Biraz kendimizi sorgulaya bilmeyi öğrensek. Türklüğümüzü
üstün görmek, inancımızı üstün görmek, kendimizi her şeyin üzerinde görmekten
bizi nereye götürüyor? Ben yerine biz olma bilincine erişenler bu hastalıktan
kurtulur. Farklılıklarımıza hoşgörü ile yaklaşmak bu kadar zor mu? Farklı bir
ülke, vatandaş ve inanca saygı duymak zor mu? Bütün bunları bizim gerimizde
görme yerine yanımızda görmek, yan yana durmak bize ne kaybettirir? Bence
kaybettirme yerine kazandırır. Bu türden sahte algı hastalığı tüm yaşam
alanlarımızı sarar.

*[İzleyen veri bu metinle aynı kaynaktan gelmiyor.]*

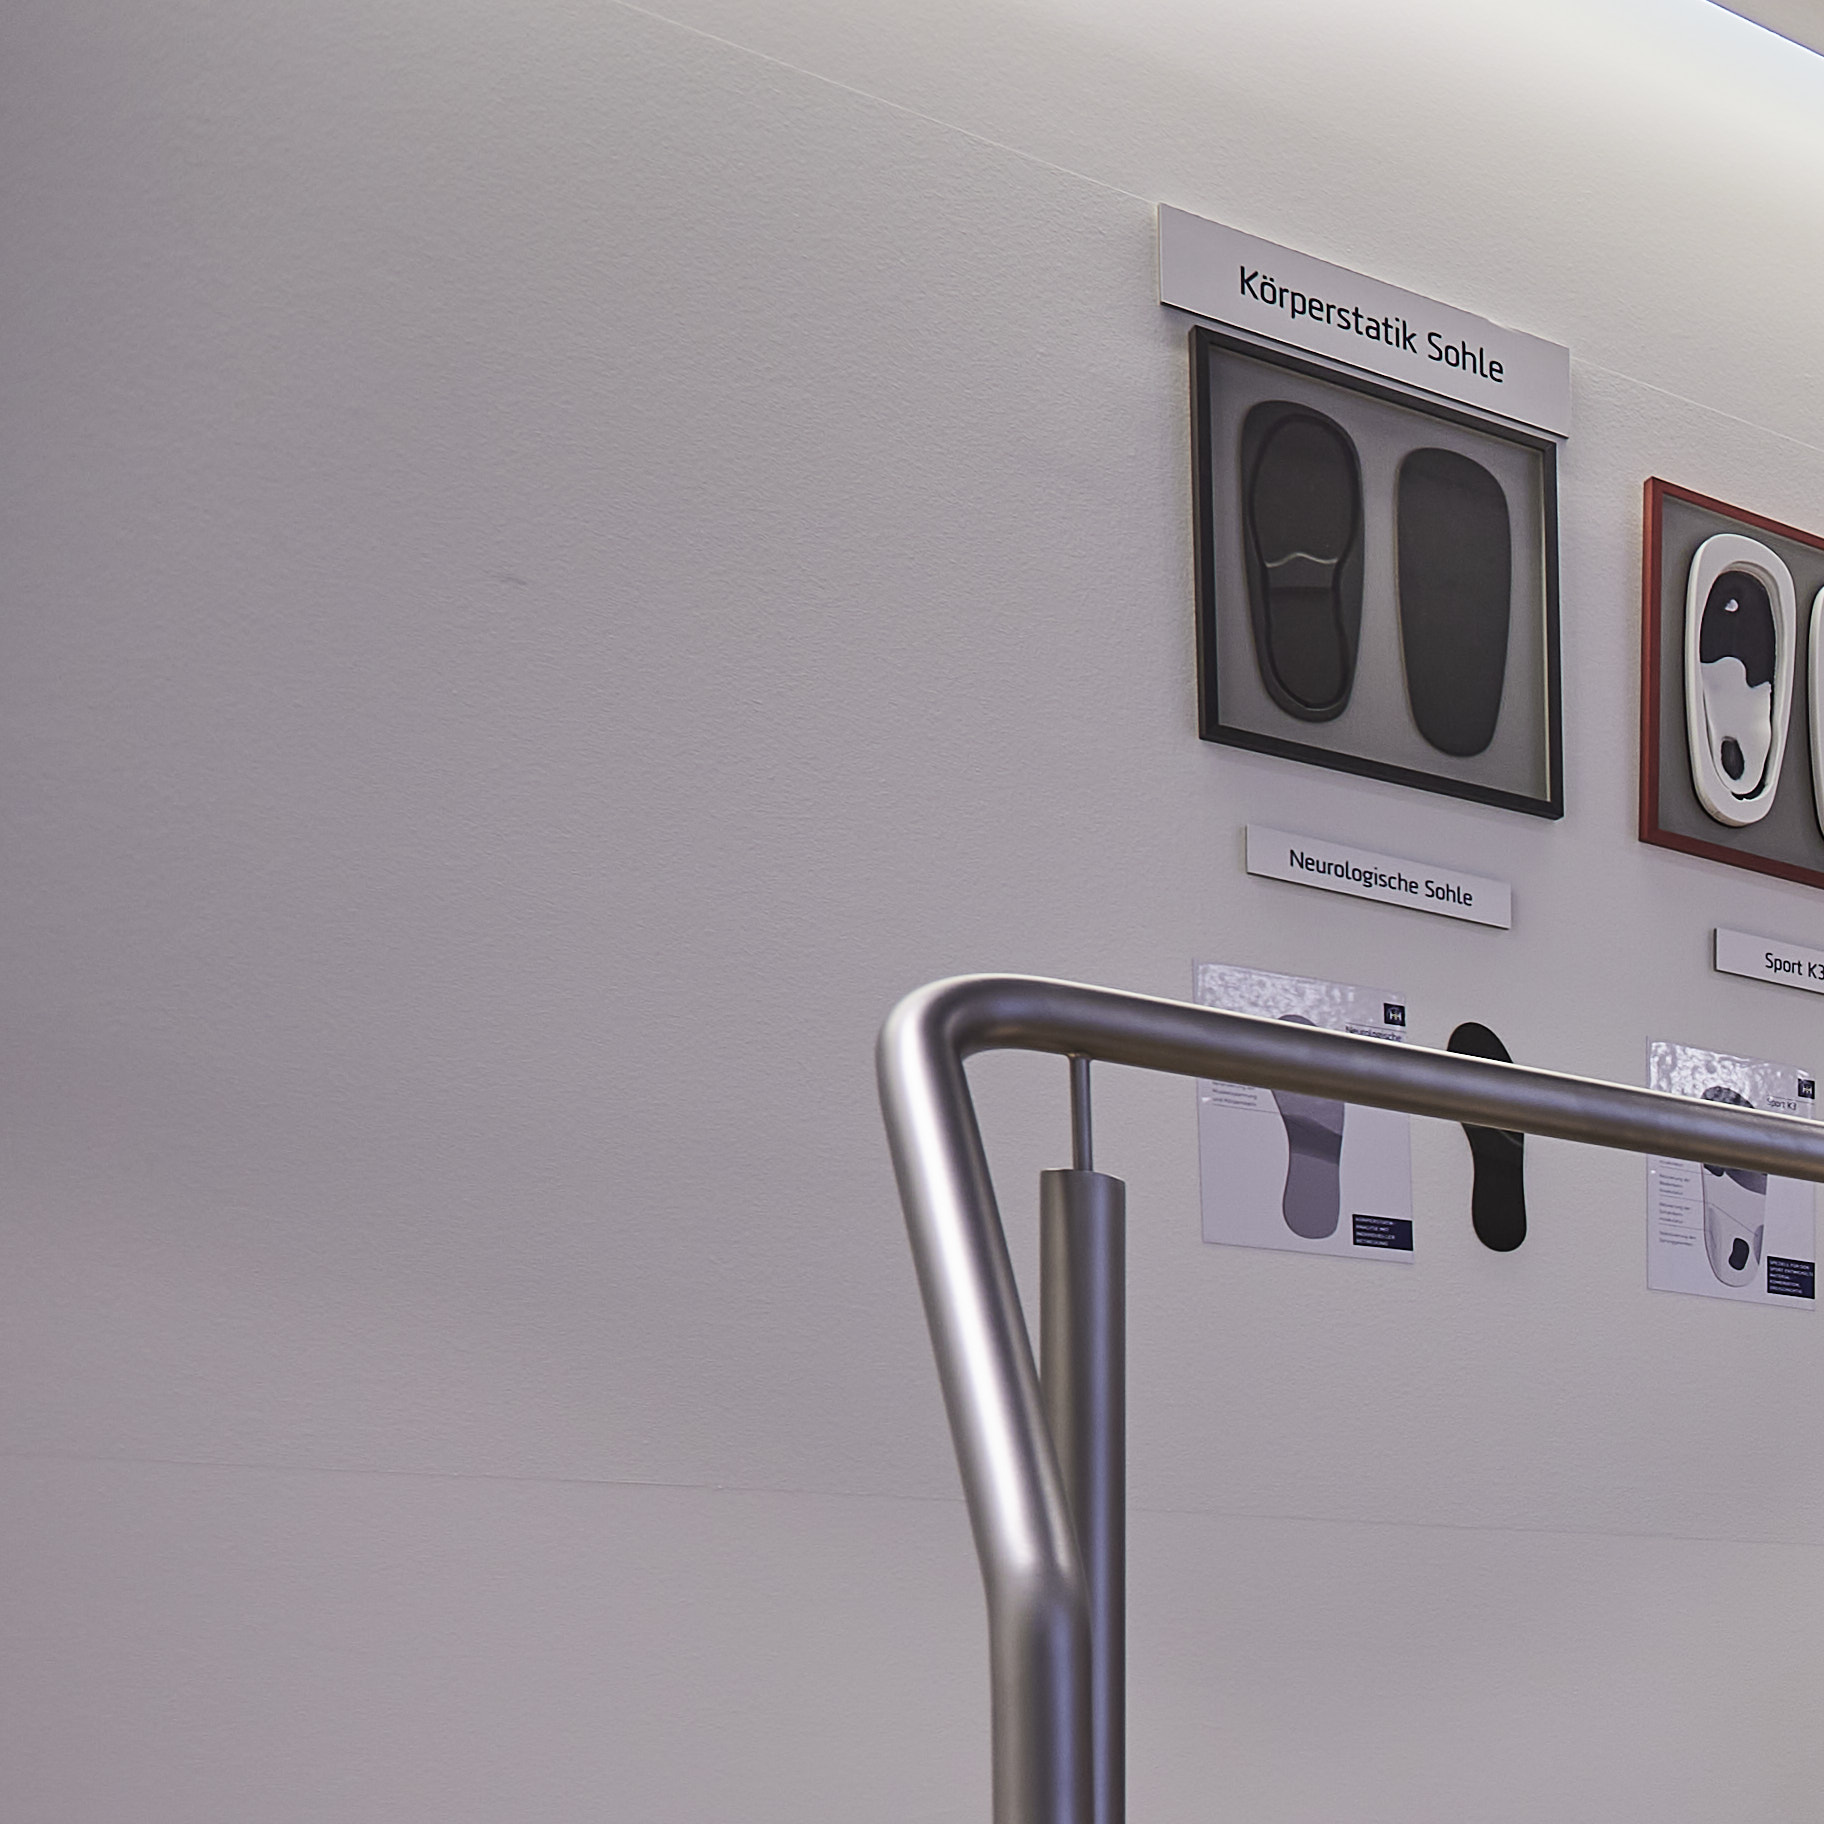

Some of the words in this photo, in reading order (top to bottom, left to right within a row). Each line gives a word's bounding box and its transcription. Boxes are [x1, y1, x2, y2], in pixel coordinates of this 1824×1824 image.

[1237, 265, 1418, 355] Körperstatik
[1427, 330, 1504, 384] Sohle
[1288, 848, 1420, 896] Neurologische
[1424, 879, 1474, 907] Sohle
[1765, 952, 1803, 977] Sport

Bugün farklı ülke vatandaşlarına, inançlara karşı kendimizi
üstün görme vebasını yarın en yakınımızda olan aile bireylerimize, dostlarımıza
bulaştırarak yayacağız.
Kaynak vermeden attım tutarsa üslubu ile tartışma
alışkanlıklarımızı değiştiremiyoruz. Almanya'da yaşayıp Türkiye'de gelişmeleri
tartışıp kendi sorunlarına duyarsız kalıyoruz. Bu tutumumuz sadece bununla da
kalmıyor kendi sorunlarımız konusunda duyarsızlık göstererek lüzumsuz konularda
ahkâm kesmeye çok hevesliyiz.
Almanlar yabancı olduğum için haksızlık yapıyor. Bu
cümleyi ilk kurduğumuzda çok masumane buluyorduk. Bugün okullarda, meslek
yerlerinde, çocuk yuvalarında aynı suçlamaları çocuklarımız yapıyor. Bunu
haksızlıklar olmuyor anlamında algılamayalım. Gerçeklerimizle yüzleşemeyip,
hatalarımızı öteleyerek düzeltmediğimiz için bizler zarar görüyoruz.
Çocuklarımıza gelen telefonlarda evdeydik yok dedirttik. Temrinlerimize gitmeyip
yalanlar ekleyerek telefon edip mektup yazdırdık. Her sorunda bir yakınımızı
öldürdük. Bugün bizim yöntemlerimizi çocuklarımız kullanınca neden zorumuza
gidiyor? Bütün bunları öğrenmelerine biz vesile olmadık mı?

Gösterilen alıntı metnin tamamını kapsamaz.